Jordan sentì la tensione salire in lei, non era più sicura di nulla, come se
Sarah parlando avesse infranto l’incantesimo. Aprì la bocca per parlare ma
Sarah le pose delicatamente un dito sulle labbra. Poi la guardò accarezzandole
una guancia,
“Non
succederà niente che non desideriamo entrambe”. Camminò all’indietro
allontanandosi da lei, ma senza perdere il contatto visivo, poi lentamente si
sfilò la giacchetta dell’uniforme, poi slacciò la cintura. Jordan la guardava
rapita, come una falena davanti al fuoco, come un serpente davanti al suo
incantatore. Nello spazio di un battito di ciglia Sarah era nuda davanti a lei,
il cuore rombava nel petto di Jordan, incapace di muoversi, incapace di fare
alcunché. Poi Sarah le sorrise e aprì l’acqua della doccia. Il fragoroso rumore
la risvegliò. Jordan mosse un passo poi un atro, prima che potesse rendersene
conto era sotto la doccia e la baciava.

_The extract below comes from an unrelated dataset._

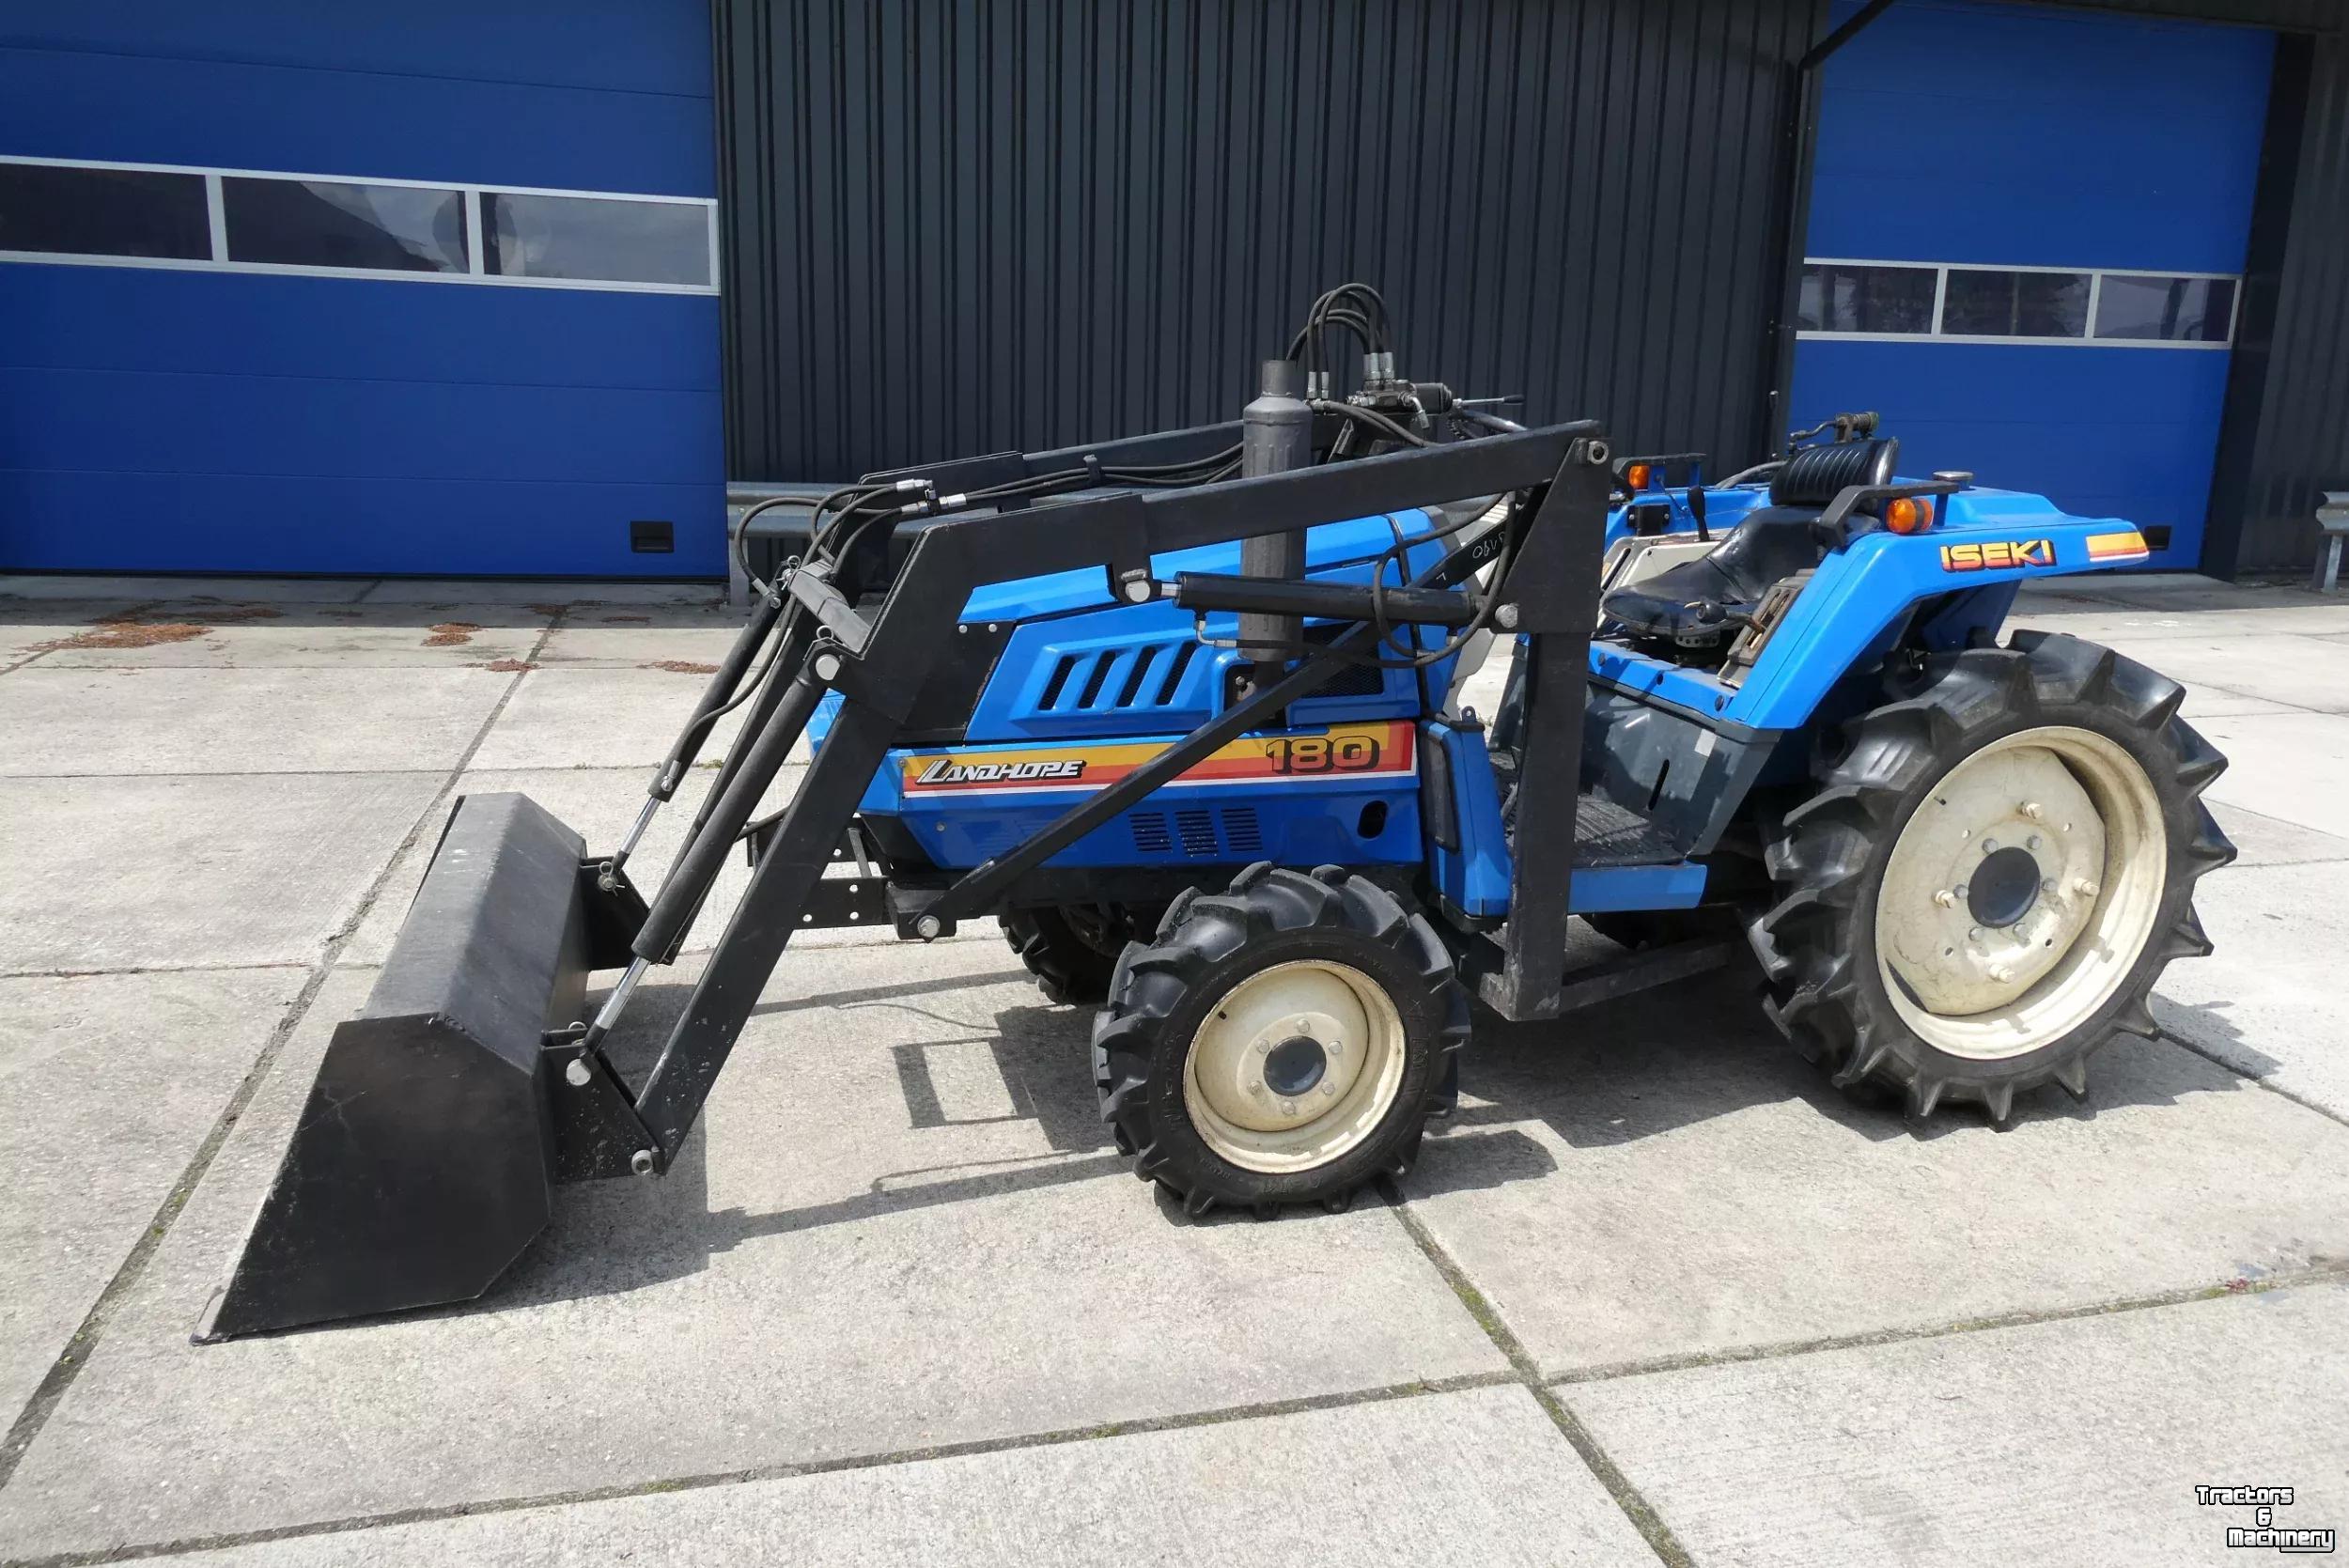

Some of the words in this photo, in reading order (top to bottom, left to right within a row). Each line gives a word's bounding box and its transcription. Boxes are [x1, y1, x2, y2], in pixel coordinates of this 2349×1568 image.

[1939, 539, 2057, 572] ISEKI
[1266, 735, 1381, 774] 180
[915, 759, 1086, 785] LANDHOPE

Fu come toccare il fuoco, il suo corpo
s’infiammò e così i suoi sensi. Perse ogni inibizione, solo il corpo di Sarah e
il suo contavano. Si liberò dell’uniforme cachi e gemette quando i loro corpi
furono finalmente uno contro l’altro. Le loro bocche si divoravano mentre le
loro mani esploravano con frenesia l’altra ancora sconosciuta.
Il
tempo passò senza che neppure se ne accorgessero e quando Sarah fu dentro di
lei nulla ebbe più senso se non il piacere.
Sarah
giocherellava con le gocce d’acqua sulla sua pelle, un sorriso appagato sulle
labbra. Jordan era stesa accanto a lei sul freddo pavimento che le aveva
accolte nella loro passione e la guardava, ancora frastornata dal piacere
provato, il cuore e la respirazione solo da poco le erano tornati normali.
“Come
ti senti?” Le chiese Sarah e rise dolcemente nel vederla arrossire, “Adoro
vederti arrossire, sei ancora più bella”, il commento la fece arrossire ancora
di più, ma Sarah aspettava una risposta e lei cercò di ascoltarsi, oltre al
senso di piacere che aveva provato, cosa c’era, come si sentiva? Come si
sarebbe sentita quando quell’appagamento si sarebbe dissipato?
Si
sentiva bene ma… una domanda la tormentava. Forse era troppo presto ma…
“Cosa
provi per me?” Le chiese tutto in un fiato, il suo cuore batteva di nuovo
velocemente, Sarah la guardò a lungo, sembrava stupita dalla domanda e al contempo
contenta che fosse stata posta,
“Jordan…”
Sorrise, poi le catturò le labbra in un bacio, gli occhi chiusi, le mani
stretta nelle sue, “Io ti amo” Mormorò poi, soffiando le parole sulle sue
labbra, lasciandola fremente come prima, ma non per il piacere fisico, questa
volta era stata scossa la sua anima. L’amava, amava lei!
Aprì
gli occhi e sorrise lasciandosi avvolgere da quel calore dentro lei che sapeva
non sarebbe stato spento da nessuno.
“Ti
amo” Disse a sua volta facendo sorridere Sarah, i suoi occhi che si
illuminavano di una luce nuova e brillante. Poi si baciarono e fecero ancora
l’amore, perdendosi una nell’altra.
“Siete
sparite ieri sera” Sten le guardò e sorrise nel vedere Jordan arrossire, Sarah
invece si strinse nelle spalle, sorrise a Jordan e risalì rapida lungo il
fianco di Bobby. “Bene bene…” Sten fu interrotto dall’arrivo del comandante
Ramirez.
“Lo
voglio come nuovo, datevi da fare insieme ai meccanici, ne ho chiesti tre e me
ne hanno dati quattro e questa la dice lunga sul nostro stato di eroi!” L’uomo
sorrise loro tutto felice per poi mettersi a girare attorno al carro armato
facendo l’inventario di tutto quello che c’era da cambiare.
I
quattro meccanici arrivarono poco dopo nel grande hangar e si misero a lavorare
su Bobby, staccando le grandi piastre danneggiate e sostituendole con altre.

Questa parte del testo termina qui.